L'école de Roger Vergé, niché à l'Amandier, autre restaurant de Roger Vergé au coeur même du vieux village de Mougins, bénéficia également de deux étoiles pendant de très nombreuses années. Aujourd'hui l'Amandier ne fait plus partie de la galaxie Vergé. L'Amandier en garde néanmoins une certaine aura.
Enfin Roger Vergé, c'est également (dans le vieux village de Mougins) une cave à vin une boutique d'objets d'art essentiellement destinés à la décoration de la table. Mais, c'est aussi des produits manufacturés (vin, confiture, glace, épices, etc...) et six livres consacrés à la gastronomie traduits en quatre langues.
Dans son bureau aux couleurs chaudes, Roger Vergé, avec sa crinière blanche, fait figure de vieux loup blanc pas encore au bout de ses forces et de ses ambitions ainsi que ce ses rêves. Là, devant moi, repose un savoir exemplaire sur la cuisine et sur les hommes, sur les motivations de ceux-ci, il en connaît un rayon, et c'est bien normal, car à soixante douze ans, l'homme a été côtoyé par les plus grands de ce monde, interrogé par tous les médias et télévisions de la planète. Ca et là des décorations par dizaines illustrent parfaitement une reconnaissance universelle (meilleur ouvrier de France, président des restaurants chef de France à Epcot Center à Orlando en Floride, Légion d'Honneur sous Mitterand, etc...) à ce maître des saveurs.

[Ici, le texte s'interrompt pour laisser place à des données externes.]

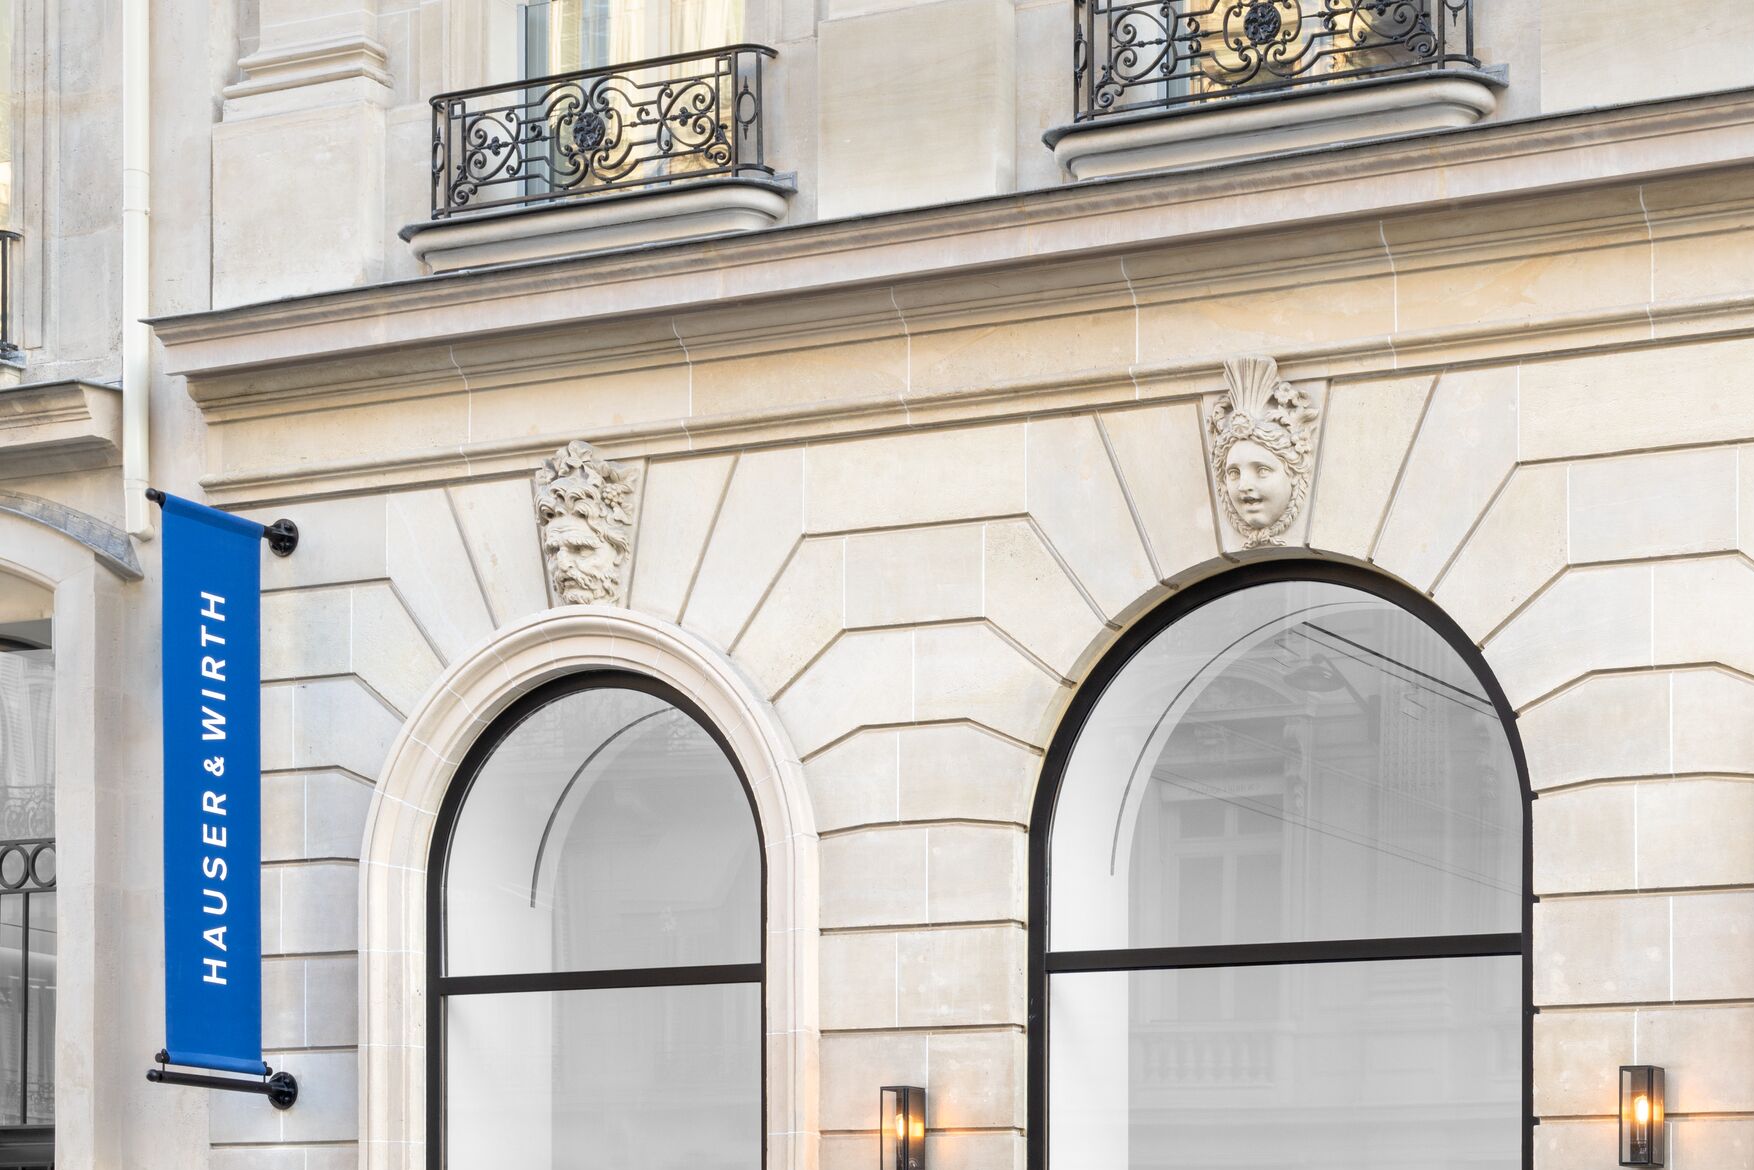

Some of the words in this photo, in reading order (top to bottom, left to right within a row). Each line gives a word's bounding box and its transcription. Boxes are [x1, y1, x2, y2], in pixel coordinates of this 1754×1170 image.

[200, 591, 226, 741] WIRTH
[203, 756, 225, 777] &
[202, 789, 228, 986] HAUSER

Peu avant les événements du 11 septembre, Roger Vergé avait ouvert, en étroite relation avec Roberto Rugieri, un restaurant dans Big Apple au Rockfeller Center, à deux pas de la 5th avenue. Baptisé Médi, ce concept repose sur un harmonieux mariage entre Provence et Toscane. Les dramatiques événements du 11 septembre ont poussé Roger Vergé à se retirer de cette affaire.

Mais si l'homme a déjà réalisé beaucoup de choses dans sa vie, il nous confie avec une certaines lueur dans les yeux qu'il lui reste encore tant de choses à accomplir, qu'une recette de cuisine, c'est un peu comme la vie, rien n'est vraiment jamais terminé. En effet, un projet sort lentement des cartons et verra probablement le jour sous peu à Mougins, un complexe hôtelier d'une cinquantaine de chambres dans le style Bel Air à Los Angeles.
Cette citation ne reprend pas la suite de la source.